> What needs to be done
Leave the pictures out and reproduce all the entries word for word.

> Working data
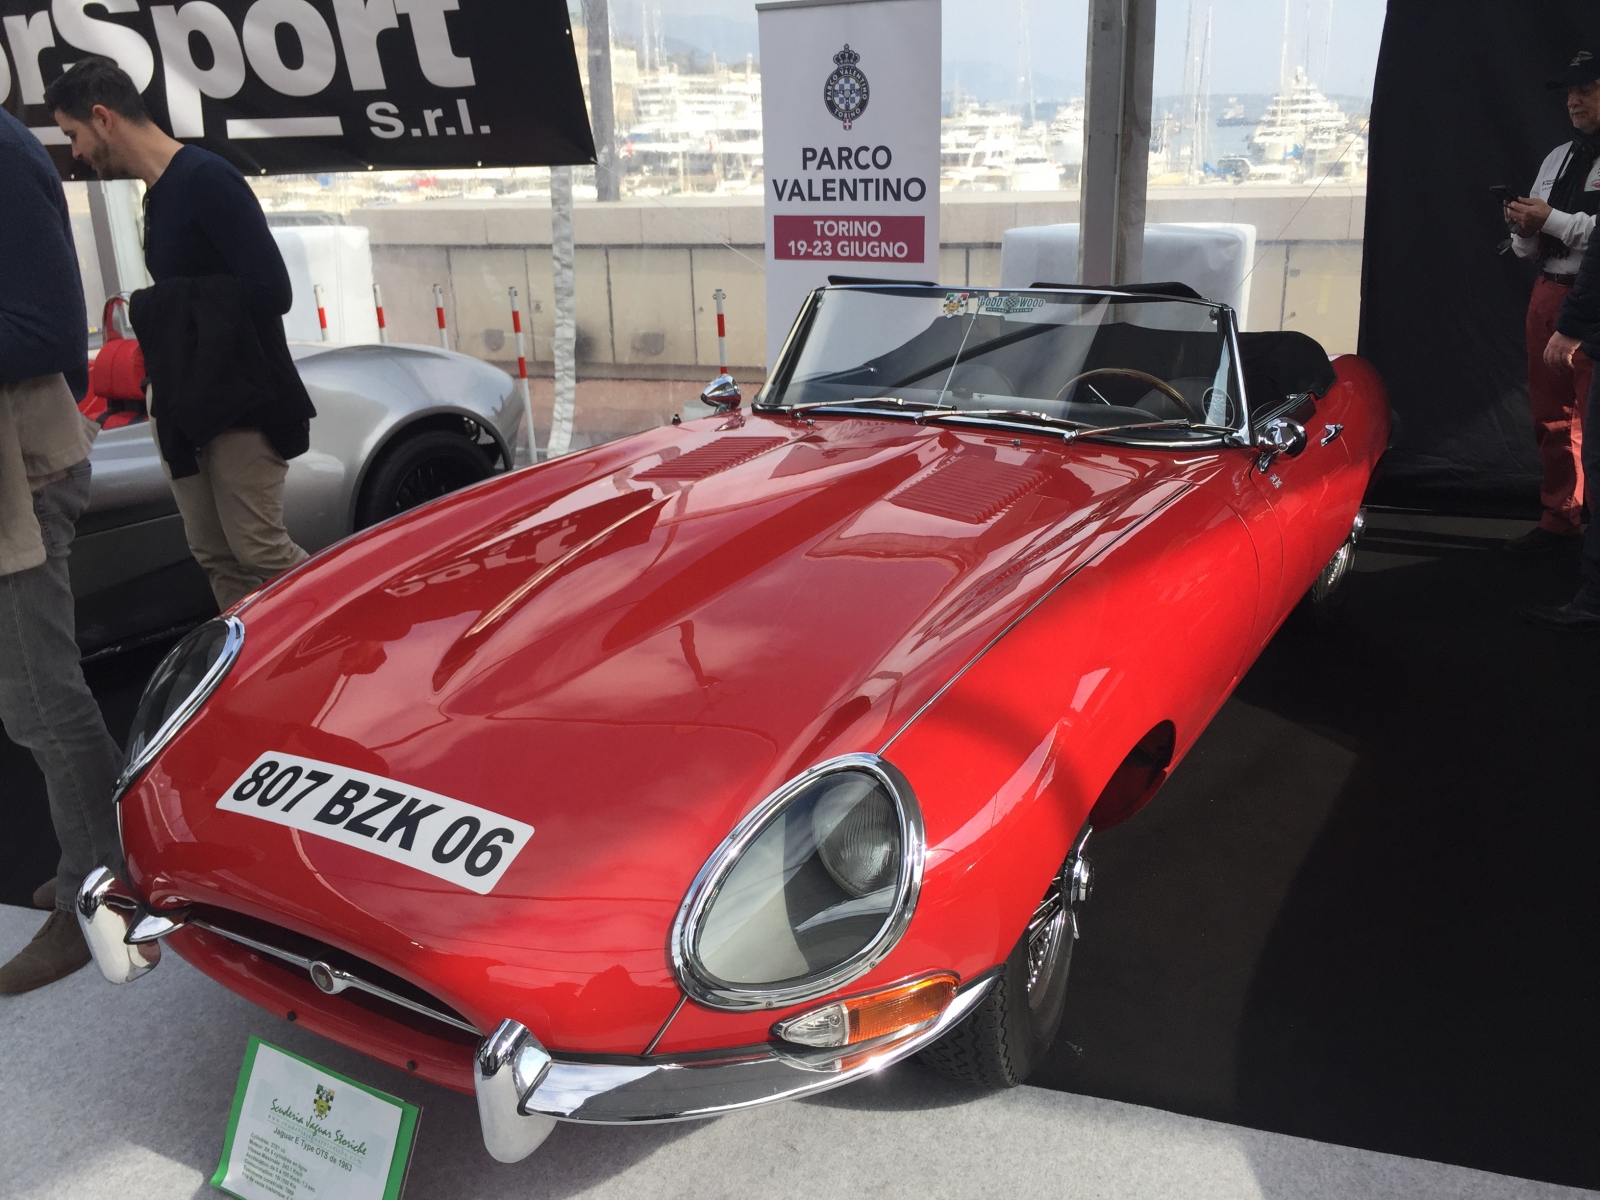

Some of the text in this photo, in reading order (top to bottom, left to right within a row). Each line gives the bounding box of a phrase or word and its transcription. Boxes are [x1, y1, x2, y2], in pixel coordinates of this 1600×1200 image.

[0, 0, 476, 138] rSport
[365, 99, 491, 139] S.r.l.
[802, 145, 892, 170] PARCO
[772, 177, 926, 202] VALENTINO
[813, 220, 882, 237] TORINO
[788, 240, 908, 258] 19-23 GIUGNO
[1020, 297, 1045, 308] WOOD
[232, 760, 515, 877] 807 BZK 06
[270, 1098, 367, 1156] Scuderia Jaguar Storiche
[273, 1127, 294, 1142] Jaguar
[300, 1139, 315, 1152] Type
[315, 1147, 328, 1160] OTS
[330, 1154, 337, 1164] de
[338, 1160, 353, 1172] 1963

> Answer to the exercise
Some of the text in this photo, in reading order (top to bottom, left to right within a row). Each line gives the bounding box of a phrase or word and its transcription. Boxes are [x1, y1, x2, y2], in pixel coordinates of this 1600×1200 image.

[0, 0, 476, 138] rSport
[365, 99, 491, 139] S.r.l.
[802, 145, 892, 170] PARCO
[772, 177, 926, 202] VALENTINO
[813, 220, 882, 237] TORINO
[788, 240, 908, 258] 19-23 GIUGNO
[1020, 297, 1045, 308] WOOD
[232, 760, 515, 877] 807 BZK 06
[270, 1098, 367, 1156] Scuderia Jaguar Storiche
[273, 1127, 294, 1142] Jaguar
[300, 1139, 315, 1152] Type
[315, 1147, 328, 1160] OTS
[330, 1154, 337, 1164] de
[338, 1160, 353, 1172] 1963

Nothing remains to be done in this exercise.